Hellow Editors! ( I mean the people who do editing not the programs :-),
>Here are my stty all keys:
>erase kill werase rprnt flush lnext susp intr quit stop eof
>^H ^U ^W ^R ^O ^V ^Z/^Y ^C ^\ ^S/^Q ^D
>
>I expect these to work the same in my editor unless and until I should
^^^^^^^^^^^^^^^^^^^^^^^^^^^^^^^^^^^^^^^^^^^^^^^^^^^^^^^^^^^^^^^^^^^^^^^
>rebind them. Is this or is this not the case? Last time I touched
>emacs it was not.
>
>That means ^H should be backward-delete-char, (not help!!!), ^Z should
>be suspend, ^W should be backward-delete-word, ^U should kill the whole
>line, ^C should be interrupt, etc. I've the same complaint with tcsh.
>
>--tom
I am tempted to post my own ideas that may fit in this thread.

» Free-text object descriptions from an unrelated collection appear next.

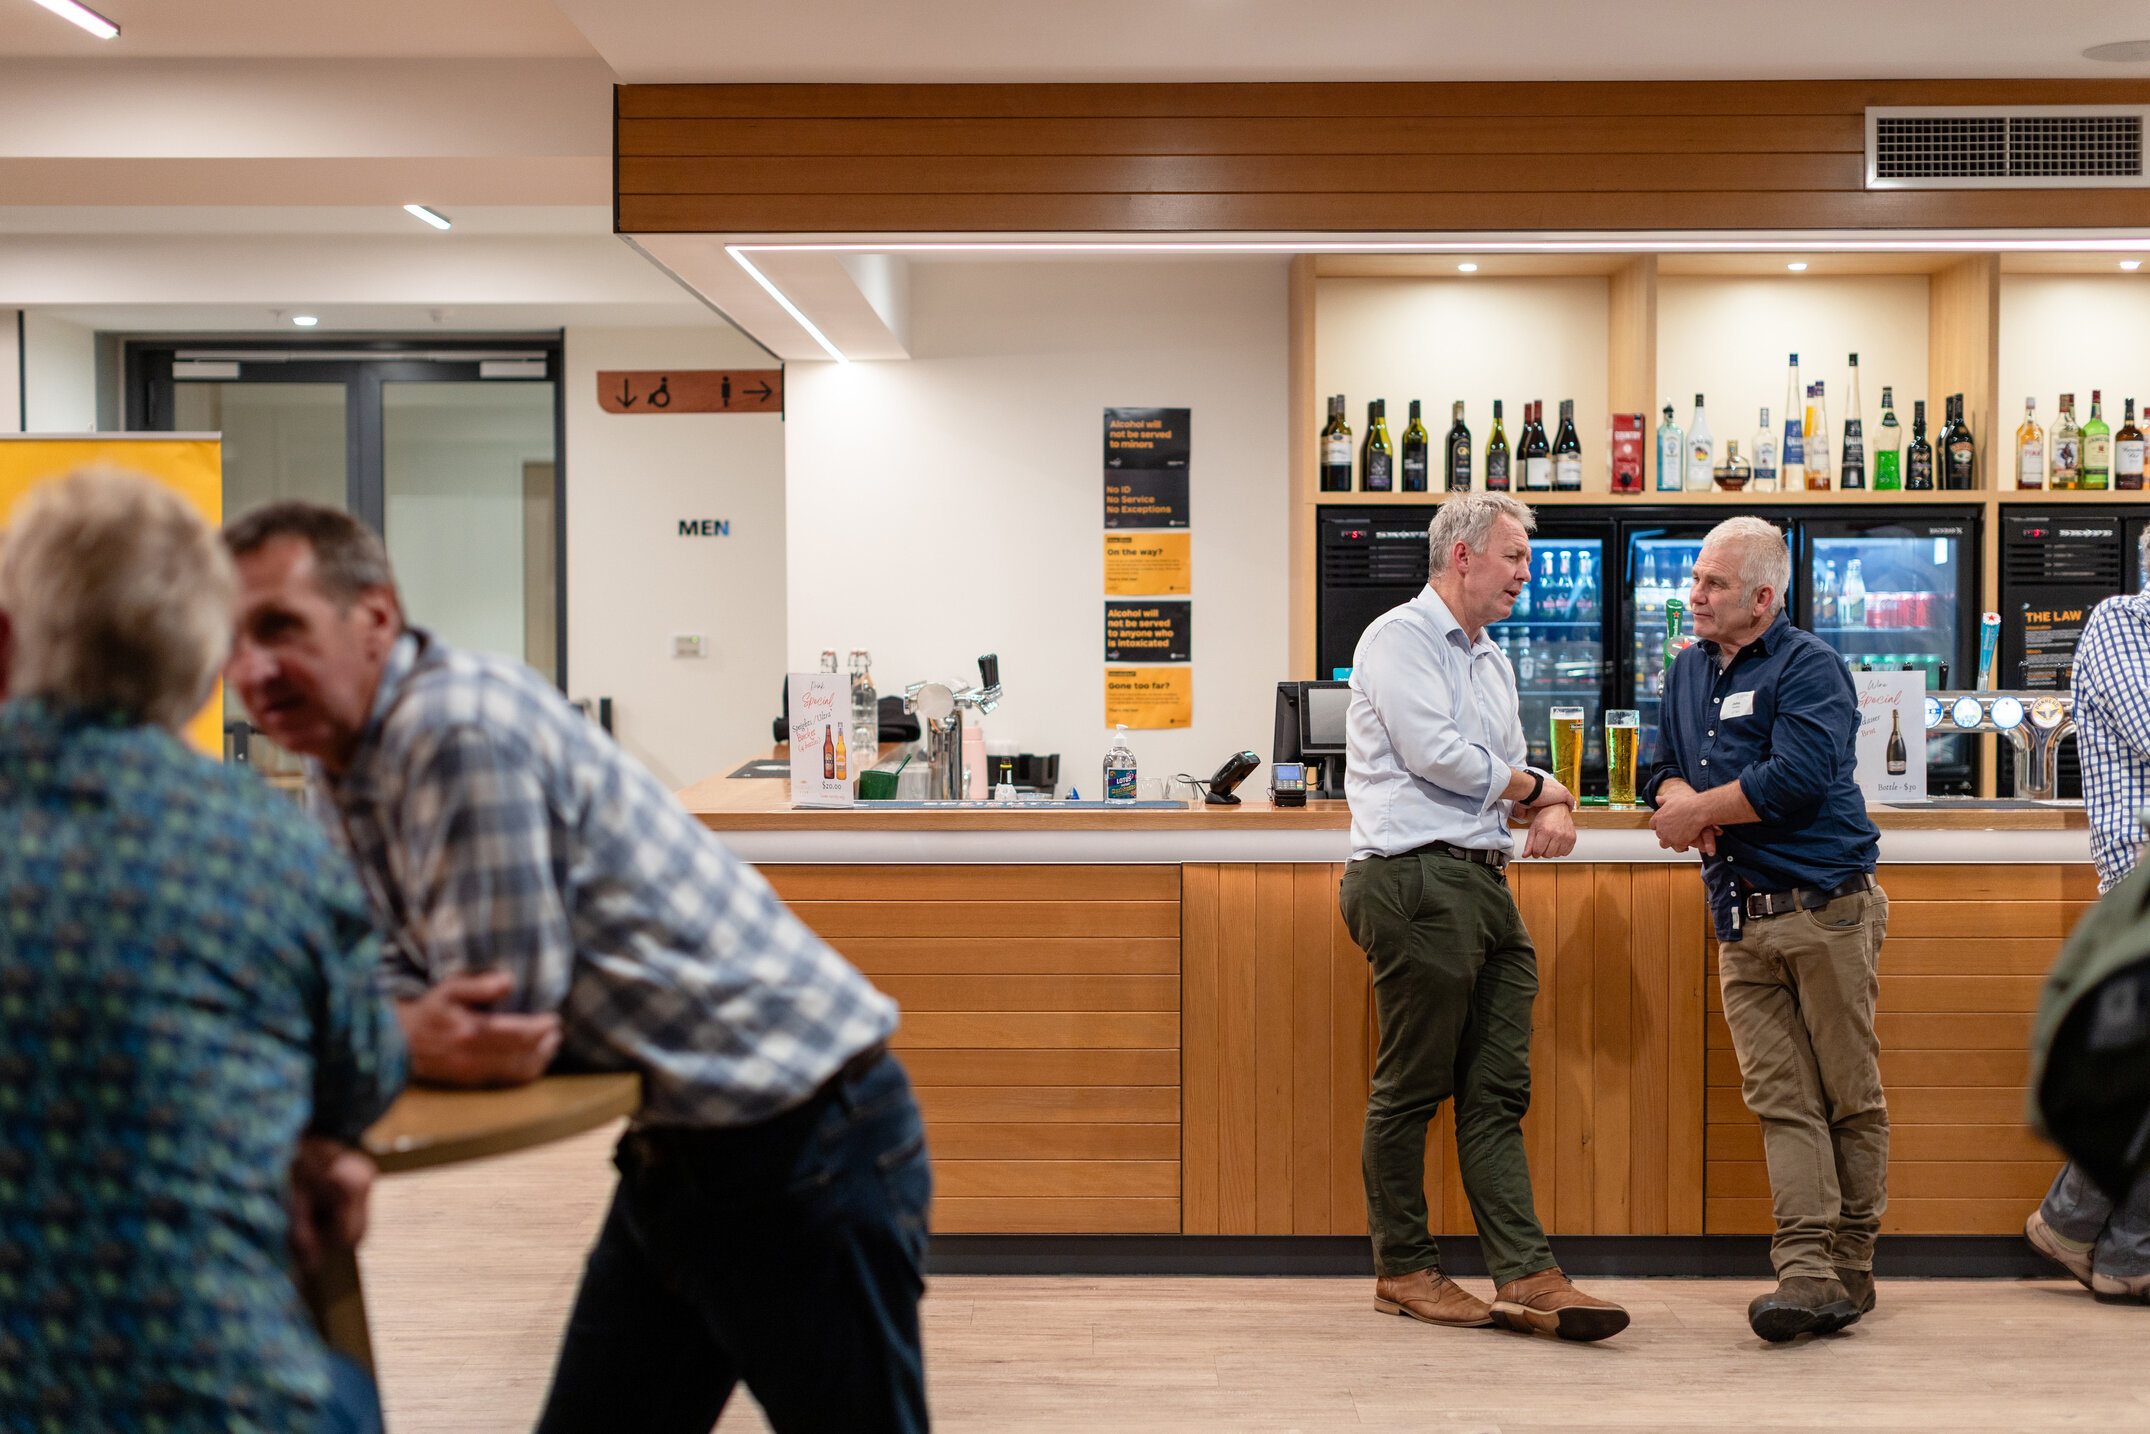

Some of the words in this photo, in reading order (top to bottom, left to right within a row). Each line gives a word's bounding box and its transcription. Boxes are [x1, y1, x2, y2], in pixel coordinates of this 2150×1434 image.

[1110, 420, 1145, 428] Alcohol
[1146, 420, 1162, 428] will
[1110, 430, 1126, 438] not
[1127, 430, 1139, 438] be
[1140, 430, 1172, 438] served
[1109, 440, 1120, 448] to
[1121, 439, 1154, 448] minors
[1121, 505, 1172, 514] Exceptions
[679, 519, 729, 536] MEN
[1140, 548, 1163, 557] way?
[1108, 609, 1141, 617] Alcohol
[1143, 609, 1159, 617] will
[2025, 611, 2051, 623] THE
[2053, 610, 2082, 622] LAW
[1125, 619, 1137, 627] be
[1139, 619, 1171, 627] served
[1108, 629, 1118, 637] to
[1120, 630, 1153, 639] anyone
[1154, 629, 1174, 637] who
[1108, 639, 1116, 647] is
[1118, 639, 1170, 647] intoxicated
[801, 691, 834, 709] Special
[1858, 690, 1902, 708] Special
[822, 780, 842, 790] $20.00
[1878, 781, 1898, 791] Bottle

I have been thinknig for quite some time that how willl it
be if you replace standard shell in Unix with some version of
Emacs? There are many reasons for this.
1. Shells are becoming more like programing language
environments day by day
(they started with shell variables, then sombody added
line ditor for command line editing, and now people are
saying one can define functions etc in shell.)
2. Editors are giving more and more features to do things which
you normally do outside (I mean in a shell).
So why cannot we merge these two and make an Editing Shell?
One can, for example, take Emacs to the extream and give all the
facilities that one want to do with a shell. You have
Emacs LISP instead of shell language. But whether one wants to do
it using LISP or not is different issue. I only gave an example.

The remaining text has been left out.